Наверное, Станиславский имел право на аналогии Гаевых и Алексеевых. Все же он был «заказчик» пьесы, над которой Чехов работал в Любимовке, и понимал, из какого сора росли цветы на чеховских вишневых деревцах.
Через три июльские недели Чехова в Любимовке Вишневский и Ольга Леонардовна обнадеживали Станиславского: пьеса будет. «Пьесу он, по-видимому, всю крепко обдумал и на днях, вероятно, засядет писать. Очень ему здесь нравится шум поезда, и все думает, как бы это воспроизвести на сцене. Он здесь совершенно другой человек», — радовалась Книппер-Чехова, радуя и Станиславского (IV. 5: 43).
Тот впивался в вести из Любимовки.
Все, что нравилось Чехову в Любимовке и соседних деревеньках, всплывало впоследствии перед его глазами, когда он читал «Вишневый сад». Он был уверен, что любимовские типы захватили Чехова. И все, что любимовского попало в пьесу, в ее фабулу и сюжет, в ее ремарки, диалоги, отдельные реплики действующих лиц и в ее ауру, попало и в спектакль: через декорации, через обстановку и ее детали, через решение ролей, через атмосферу сценического действия, создаваемую светом, звуками, интонациями актеров, исполнителей ролей, через темпоритмический и пластический рисунок мизансцен. Это был чеховский — и его материал. Тут он чувствовал свою творческую силу. Тут его фантазия «пламенела».

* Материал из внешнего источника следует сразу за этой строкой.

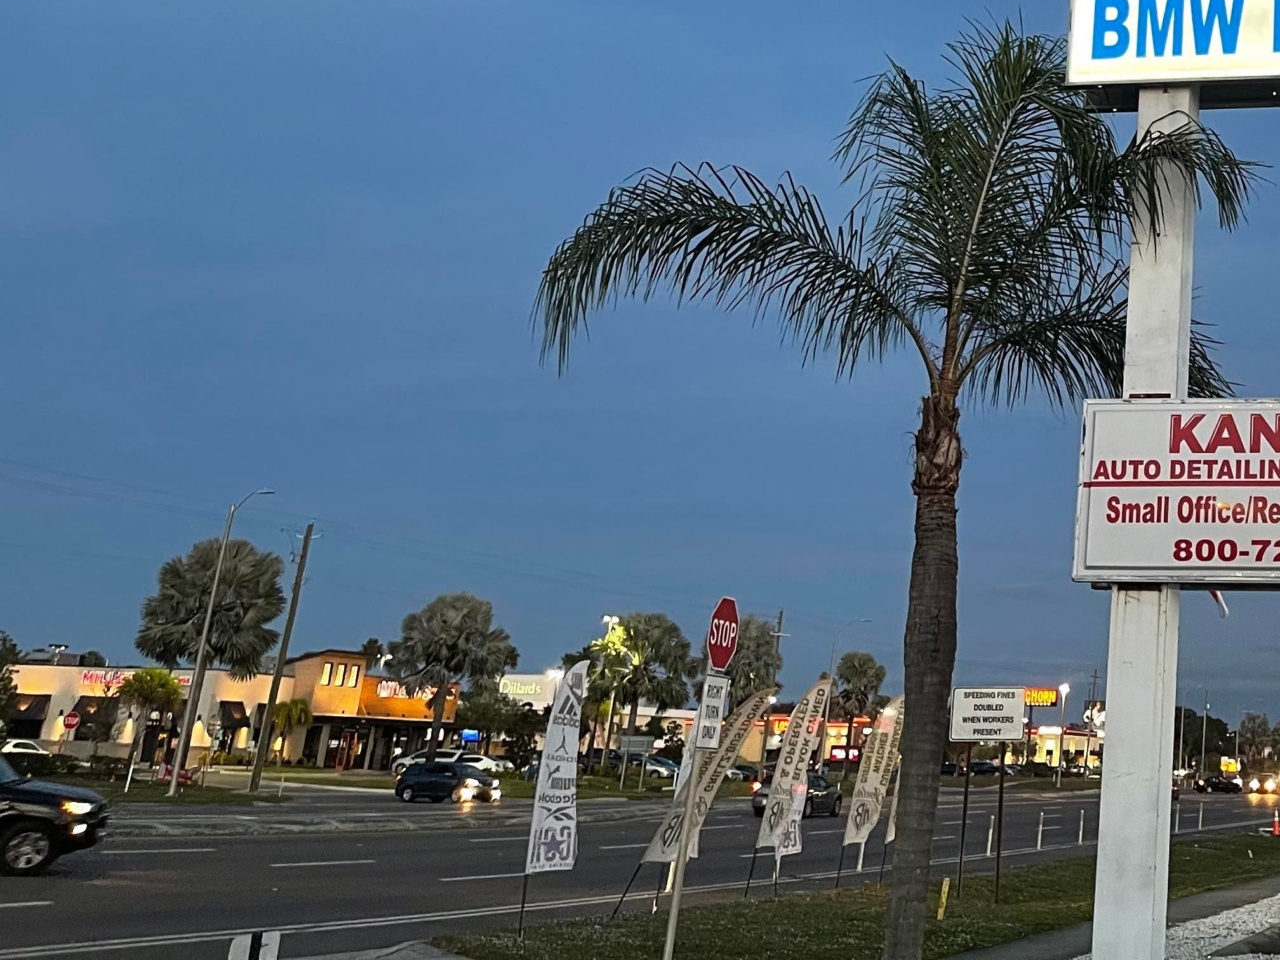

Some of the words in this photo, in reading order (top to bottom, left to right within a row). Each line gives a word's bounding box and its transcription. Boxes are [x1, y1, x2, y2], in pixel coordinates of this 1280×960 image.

[1093, 460, 1161, 480] AUTO
[1106, 495, 1170, 524] Small
[710, 618, 737, 647] STOP
[707, 684, 723, 699] RIGHT
[705, 705, 719, 720] TURN
[64, 716, 80, 725] STOP
[702, 725, 716, 740] ONLY
[972, 728, 1002, 736] PRESENT

В спектакль попала любимовская зелень, какой нет в Ялте, и панорама, открывавшаяся с террасы алексеевского дома, которая пришлась по душе Ольге Леонардовне: с полем и дорогой к усадьбе Алексеевых за ним; с рядом телеграфных столбов, уходящих за горизонт, где в ясную погоду был виден город; со скамейкой у старой церкви. Церковку Чехов заменил часовней. Все это — любимовское и наро-фоминское (в Наро-Фоминске Чеховы жили следующим летом) — появилось у Чехова в ремарке, предварявшей второй акт «Вишневого сада». А потом в режиссерском плане Станиславского, с которого, как было заведено в Художественном театре, начиналась работа над спектаклем.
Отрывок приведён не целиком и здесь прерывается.